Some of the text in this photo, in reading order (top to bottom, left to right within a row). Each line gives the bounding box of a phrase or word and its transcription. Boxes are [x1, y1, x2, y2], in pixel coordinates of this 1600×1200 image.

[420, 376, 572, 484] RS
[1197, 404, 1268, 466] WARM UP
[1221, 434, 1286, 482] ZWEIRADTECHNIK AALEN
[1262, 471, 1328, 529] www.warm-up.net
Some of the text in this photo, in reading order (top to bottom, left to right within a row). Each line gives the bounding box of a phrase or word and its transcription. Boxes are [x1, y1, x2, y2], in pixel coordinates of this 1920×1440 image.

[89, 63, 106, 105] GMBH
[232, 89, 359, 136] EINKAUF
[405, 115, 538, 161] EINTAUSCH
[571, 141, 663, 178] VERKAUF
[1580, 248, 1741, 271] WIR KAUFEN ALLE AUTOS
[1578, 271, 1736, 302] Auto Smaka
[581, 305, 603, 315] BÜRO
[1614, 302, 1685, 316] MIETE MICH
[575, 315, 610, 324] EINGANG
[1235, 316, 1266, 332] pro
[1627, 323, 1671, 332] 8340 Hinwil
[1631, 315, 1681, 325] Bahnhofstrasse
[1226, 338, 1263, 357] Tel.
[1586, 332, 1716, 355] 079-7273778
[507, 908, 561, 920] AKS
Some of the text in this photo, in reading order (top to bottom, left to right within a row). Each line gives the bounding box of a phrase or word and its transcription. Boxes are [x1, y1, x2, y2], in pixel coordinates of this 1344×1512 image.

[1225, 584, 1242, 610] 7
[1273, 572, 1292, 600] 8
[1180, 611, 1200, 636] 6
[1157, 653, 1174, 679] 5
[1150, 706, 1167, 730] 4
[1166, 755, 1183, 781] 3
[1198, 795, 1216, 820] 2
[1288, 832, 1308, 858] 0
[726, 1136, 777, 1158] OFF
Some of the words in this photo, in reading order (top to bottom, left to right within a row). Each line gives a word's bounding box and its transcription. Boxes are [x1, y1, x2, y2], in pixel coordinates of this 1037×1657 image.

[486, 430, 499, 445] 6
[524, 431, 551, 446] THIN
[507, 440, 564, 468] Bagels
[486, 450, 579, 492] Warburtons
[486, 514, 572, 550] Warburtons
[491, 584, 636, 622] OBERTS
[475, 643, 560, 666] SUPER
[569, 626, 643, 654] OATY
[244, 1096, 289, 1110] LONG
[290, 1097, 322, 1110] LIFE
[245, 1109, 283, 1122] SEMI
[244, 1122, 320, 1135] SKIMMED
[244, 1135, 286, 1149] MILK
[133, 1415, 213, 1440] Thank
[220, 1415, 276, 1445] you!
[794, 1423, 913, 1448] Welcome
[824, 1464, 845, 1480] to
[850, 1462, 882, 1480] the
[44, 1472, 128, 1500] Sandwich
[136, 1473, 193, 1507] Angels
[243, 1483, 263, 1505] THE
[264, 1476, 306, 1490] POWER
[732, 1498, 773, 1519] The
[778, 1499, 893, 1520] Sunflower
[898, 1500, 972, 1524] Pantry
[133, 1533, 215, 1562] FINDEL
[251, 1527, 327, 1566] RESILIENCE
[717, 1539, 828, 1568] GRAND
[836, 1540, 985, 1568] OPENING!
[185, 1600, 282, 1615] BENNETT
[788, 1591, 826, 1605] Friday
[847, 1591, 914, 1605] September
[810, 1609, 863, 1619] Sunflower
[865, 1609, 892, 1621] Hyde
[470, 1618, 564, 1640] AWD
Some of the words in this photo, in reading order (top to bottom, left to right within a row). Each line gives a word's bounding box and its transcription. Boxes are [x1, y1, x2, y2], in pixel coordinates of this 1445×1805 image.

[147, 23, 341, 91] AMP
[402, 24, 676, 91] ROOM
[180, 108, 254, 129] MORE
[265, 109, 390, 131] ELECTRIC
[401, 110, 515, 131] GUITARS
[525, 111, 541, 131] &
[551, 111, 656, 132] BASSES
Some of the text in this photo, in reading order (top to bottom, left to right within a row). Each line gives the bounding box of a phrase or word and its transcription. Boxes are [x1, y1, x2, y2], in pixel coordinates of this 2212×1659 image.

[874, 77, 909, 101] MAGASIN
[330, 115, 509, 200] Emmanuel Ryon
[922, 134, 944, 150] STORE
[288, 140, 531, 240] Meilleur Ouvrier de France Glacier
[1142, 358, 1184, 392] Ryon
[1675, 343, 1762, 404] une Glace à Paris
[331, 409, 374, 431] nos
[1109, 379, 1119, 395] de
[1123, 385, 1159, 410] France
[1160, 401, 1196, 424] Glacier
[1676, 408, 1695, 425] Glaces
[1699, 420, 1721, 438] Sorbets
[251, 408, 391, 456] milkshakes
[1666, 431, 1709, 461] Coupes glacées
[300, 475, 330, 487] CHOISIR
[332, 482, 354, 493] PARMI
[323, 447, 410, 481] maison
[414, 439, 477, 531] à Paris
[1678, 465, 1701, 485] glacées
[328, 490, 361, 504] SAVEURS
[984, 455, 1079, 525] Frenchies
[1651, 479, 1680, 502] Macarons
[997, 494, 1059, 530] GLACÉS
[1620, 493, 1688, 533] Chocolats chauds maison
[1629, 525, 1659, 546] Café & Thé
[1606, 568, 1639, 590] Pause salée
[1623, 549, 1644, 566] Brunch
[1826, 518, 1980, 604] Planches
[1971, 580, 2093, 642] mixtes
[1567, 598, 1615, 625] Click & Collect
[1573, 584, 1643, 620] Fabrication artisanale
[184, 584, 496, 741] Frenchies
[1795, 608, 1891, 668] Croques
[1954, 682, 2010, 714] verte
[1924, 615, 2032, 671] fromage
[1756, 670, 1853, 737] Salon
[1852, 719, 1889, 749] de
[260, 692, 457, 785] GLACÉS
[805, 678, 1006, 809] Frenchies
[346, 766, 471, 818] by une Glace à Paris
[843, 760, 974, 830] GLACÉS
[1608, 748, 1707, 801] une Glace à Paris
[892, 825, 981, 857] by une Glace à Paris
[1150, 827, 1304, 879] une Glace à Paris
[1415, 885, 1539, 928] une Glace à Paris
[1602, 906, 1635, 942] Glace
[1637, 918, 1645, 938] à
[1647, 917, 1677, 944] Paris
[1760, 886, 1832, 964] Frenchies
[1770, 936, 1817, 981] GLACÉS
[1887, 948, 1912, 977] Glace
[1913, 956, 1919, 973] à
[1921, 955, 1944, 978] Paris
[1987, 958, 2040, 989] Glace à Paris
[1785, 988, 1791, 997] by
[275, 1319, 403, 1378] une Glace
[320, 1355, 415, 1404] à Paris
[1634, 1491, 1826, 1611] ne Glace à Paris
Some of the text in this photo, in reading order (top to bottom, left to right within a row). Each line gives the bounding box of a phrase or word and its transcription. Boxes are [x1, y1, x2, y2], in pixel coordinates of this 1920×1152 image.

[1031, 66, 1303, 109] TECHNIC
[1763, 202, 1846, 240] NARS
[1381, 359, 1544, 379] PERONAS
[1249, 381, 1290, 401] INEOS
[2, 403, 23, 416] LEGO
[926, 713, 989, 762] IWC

- WORK ITEM: Please output the material above exactly as it reads.

- RESULT:
Some of the text in this photo, in reading order (top to bottom, left to right within a row). Each line gives the bounding box of a phrase or word and its transcription. Boxes are [x1, y1, x2, y2], in pixel coordinates of this 1600×1200 image.

[420, 376, 572, 484] RS
[1197, 404, 1268, 466] WARM UP
[1221, 434, 1286, 482] ZWEIRADTECHNIK AALEN
[1262, 471, 1328, 529] www.warm-up.net
Some of the text in this photo, in reading order (top to bottom, left to right within a row). Each line gives the bounding box of a phrase or word and its transcription. Boxes are [x1, y1, x2, y2], in pixel coordinates of this 1920×1440 image.

[89, 63, 106, 105] GMBH
[232, 89, 359, 136] EINKAUF
[405, 115, 538, 161] EINTAUSCH
[571, 141, 663, 178] VERKAUF
[1580, 248, 1741, 271] WIR KAUFEN ALLE AUTOS
[1578, 271, 1736, 302] Auto Smaka
[581, 305, 603, 315] BÜRO
[1614, 302, 1685, 316] MIETE MICH
[575, 315, 610, 324] EINGANG
[1235, 316, 1266, 332] pro
[1627, 323, 1671, 332] 8340 Hinwil
[1631, 315, 1681, 325] Bahnhofstrasse
[1226, 338, 1263, 357] Tel.
[1586, 332, 1716, 355] 079-7273778
[507, 908, 561, 920] AKS
Some of the text in this photo, in reading order (top to bottom, left to right within a row). Each line gives the bounding box of a phrase or word and its transcription. Boxes are [x1, y1, x2, y2], in pixel coordinates of this 1344×1512 image.

[1225, 584, 1242, 610] 7
[1273, 572, 1292, 600] 8
[1180, 611, 1200, 636] 6
[1157, 653, 1174, 679] 5
[1150, 706, 1167, 730] 4
[1166, 755, 1183, 781] 3
[1198, 795, 1216, 820] 2
[1288, 832, 1308, 858] 0
[726, 1136, 777, 1158] OFF
Some of the words in this photo, in reading order (top to bottom, left to right within a row). Each line gives a word's bounding box and its transcription. Boxes are [x1, y1, x2, y2], in pixel coordinates of this 1037×1657 image.

[486, 430, 499, 445] 6
[524, 431, 551, 446] THIN
[507, 440, 564, 468] Bagels
[486, 450, 579, 492] Warburtons
[486, 514, 572, 550] Warburtons
[491, 584, 636, 622] OBERTS
[475, 643, 560, 666] SUPER
[569, 626, 643, 654] OATY
[244, 1096, 289, 1110] LONG
[290, 1097, 322, 1110] LIFE
[245, 1109, 283, 1122] SEMI
[244, 1122, 320, 1135] SKIMMED
[244, 1135, 286, 1149] MILK
[133, 1415, 213, 1440] Thank
[220, 1415, 276, 1445] you!
[794, 1423, 913, 1448] Welcome
[824, 1464, 845, 1480] to
[850, 1462, 882, 1480] the
[44, 1472, 128, 1500] Sandwich
[136, 1473, 193, 1507] Angels
[243, 1483, 263, 1505] THE
[264, 1476, 306, 1490] POWER
[732, 1498, 773, 1519] The
[778, 1499, 893, 1520] Sunflower
[898, 1500, 972, 1524] Pantry
[133, 1533, 215, 1562] FINDEL
[251, 1527, 327, 1566] RESILIENCE
[717, 1539, 828, 1568] GRAND
[836, 1540, 985, 1568] OPENING!
[185, 1600, 282, 1615] BENNETT
[788, 1591, 826, 1605] Friday
[847, 1591, 914, 1605] September
[810, 1609, 863, 1619] Sunflower
[865, 1609, 892, 1621] Hyde
[470, 1618, 564, 1640] AWD
Some of the words in this photo, in reading order (top to bottom, left to right within a row). Each line gives a word's bounding box and its transcription. Boxes are [x1, y1, x2, y2], in pixel coordinates of this 1445×1805 image.

[147, 23, 341, 91] AMP
[402, 24, 676, 91] ROOM
[180, 108, 254, 129] MORE
[265, 109, 390, 131] ELECTRIC
[401, 110, 515, 131] GUITARS
[525, 111, 541, 131] &
[551, 111, 656, 132] BASSES
Some of the text in this photo, in reading order (top to bottom, left to right within a row). Each line gives the bounding box of a phrase or word and its transcription. Boxes are [x1, y1, x2, y2], in pixel coordinates of this 2212×1659 image.

[874, 77, 909, 101] MAGASIN
[330, 115, 509, 200] Emmanuel Ryon
[922, 134, 944, 150] STORE
[288, 140, 531, 240] Meilleur Ouvrier de France Glacier
[1142, 358, 1184, 392] Ryon
[1675, 343, 1762, 404] une Glace à Paris
[331, 409, 374, 431] nos
[1109, 379, 1119, 395] de
[1123, 385, 1159, 410] France
[1160, 401, 1196, 424] Glacier
[1676, 408, 1695, 425] Glaces
[1699, 420, 1721, 438] Sorbets
[251, 408, 391, 456] milkshakes
[1666, 431, 1709, 461] Coupes glacées
[300, 475, 330, 487] CHOISIR
[332, 482, 354, 493] PARMI
[323, 447, 410, 481] maison
[414, 439, 477, 531] à Paris
[1678, 465, 1701, 485] glacées
[328, 490, 361, 504] SAVEURS
[984, 455, 1079, 525] Frenchies
[1651, 479, 1680, 502] Macarons
[997, 494, 1059, 530] GLACÉS
[1620, 493, 1688, 533] Chocolats chauds maison
[1629, 525, 1659, 546] Café & Thé
[1606, 568, 1639, 590] Pause salée
[1623, 549, 1644, 566] Brunch
[1826, 518, 1980, 604] Planches
[1971, 580, 2093, 642] mixtes
[1567, 598, 1615, 625] Click & Collect
[1573, 584, 1643, 620] Fabrication artisanale
[184, 584, 496, 741] Frenchies
[1795, 608, 1891, 668] Croques
[1954, 682, 2010, 714] verte
[1924, 615, 2032, 671] fromage
[1756, 670, 1853, 737] Salon
[1852, 719, 1889, 749] de
[260, 692, 457, 785] GLACÉS
[805, 678, 1006, 809] Frenchies
[346, 766, 471, 818] by une Glace à Paris
[843, 760, 974, 830] GLACÉS
[1608, 748, 1707, 801] une Glace à Paris
[892, 825, 981, 857] by une Glace à Paris
[1150, 827, 1304, 879] une Glace à Paris
[1415, 885, 1539, 928] une Glace à Paris
[1602, 906, 1635, 942] Glace
[1637, 918, 1645, 938] à
[1647, 917, 1677, 944] Paris
[1760, 886, 1832, 964] Frenchies
[1770, 936, 1817, 981] GLACÉS
[1887, 948, 1912, 977] Glace
[1913, 956, 1919, 973] à
[1921, 955, 1944, 978] Paris
[1987, 958, 2040, 989] Glace à Paris
[1785, 988, 1791, 997] by
[275, 1319, 403, 1378] une Glace
[320, 1355, 415, 1404] à Paris
[1634, 1491, 1826, 1611] ne Glace à Paris
Some of the text in this photo, in reading order (top to bottom, left to right within a row). Each line gives the bounding box of a phrase or word and its transcription. Boxes are [x1, y1, x2, y2], in pixel coordinates of this 1920×1152 image.

[1031, 66, 1303, 109] TECHNIC
[1763, 202, 1846, 240] NARS
[1381, 359, 1544, 379] PERONAS
[1249, 381, 1290, 401] INEOS
[2, 403, 23, 416] LEGO
[926, 713, 989, 762] IWC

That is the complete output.